YOUR ASSIGNMENT: Could you restate the data word for word?

DATA SHOWN:
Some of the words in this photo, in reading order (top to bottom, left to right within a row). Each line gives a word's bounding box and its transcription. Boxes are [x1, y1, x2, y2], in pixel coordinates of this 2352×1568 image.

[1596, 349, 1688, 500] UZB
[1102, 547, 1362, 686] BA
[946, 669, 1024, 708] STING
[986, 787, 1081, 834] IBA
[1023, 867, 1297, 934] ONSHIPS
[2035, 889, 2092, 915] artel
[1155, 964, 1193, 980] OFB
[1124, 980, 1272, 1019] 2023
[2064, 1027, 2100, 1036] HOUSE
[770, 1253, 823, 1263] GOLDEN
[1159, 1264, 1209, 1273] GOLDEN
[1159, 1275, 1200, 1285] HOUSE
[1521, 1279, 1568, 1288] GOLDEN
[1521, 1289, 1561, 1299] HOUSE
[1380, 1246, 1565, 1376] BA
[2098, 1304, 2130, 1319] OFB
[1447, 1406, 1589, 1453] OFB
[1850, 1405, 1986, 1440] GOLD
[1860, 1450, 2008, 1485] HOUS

EXPECTED OUTPUT:
Some of the words in this photo, in reading order (top to bottom, left to right within a row). Each line gives a word's bounding box and its transcription. Boxes are [x1, y1, x2, y2], in pixel coordinates of this 2352×1568 image.

[1596, 349, 1688, 500] UZB
[1102, 547, 1362, 686] BA
[946, 669, 1024, 708] STING
[986, 787, 1081, 834] IBA
[1023, 867, 1297, 934] ONSHIPS
[2035, 889, 2092, 915] artel
[1155, 964, 1193, 980] OFB
[1124, 980, 1272, 1019] 2023
[2064, 1027, 2100, 1036] HOUSE
[770, 1253, 823, 1263] GOLDEN
[1159, 1264, 1209, 1273] GOLDEN
[1159, 1275, 1200, 1285] HOUSE
[1521, 1279, 1568, 1288] GOLDEN
[1521, 1289, 1561, 1299] HOUSE
[1380, 1246, 1565, 1376] BA
[2098, 1304, 2130, 1319] OFB
[1447, 1406, 1589, 1453] OFB
[1850, 1405, 1986, 1440] GOLD
[1860, 1450, 2008, 1485] HOUS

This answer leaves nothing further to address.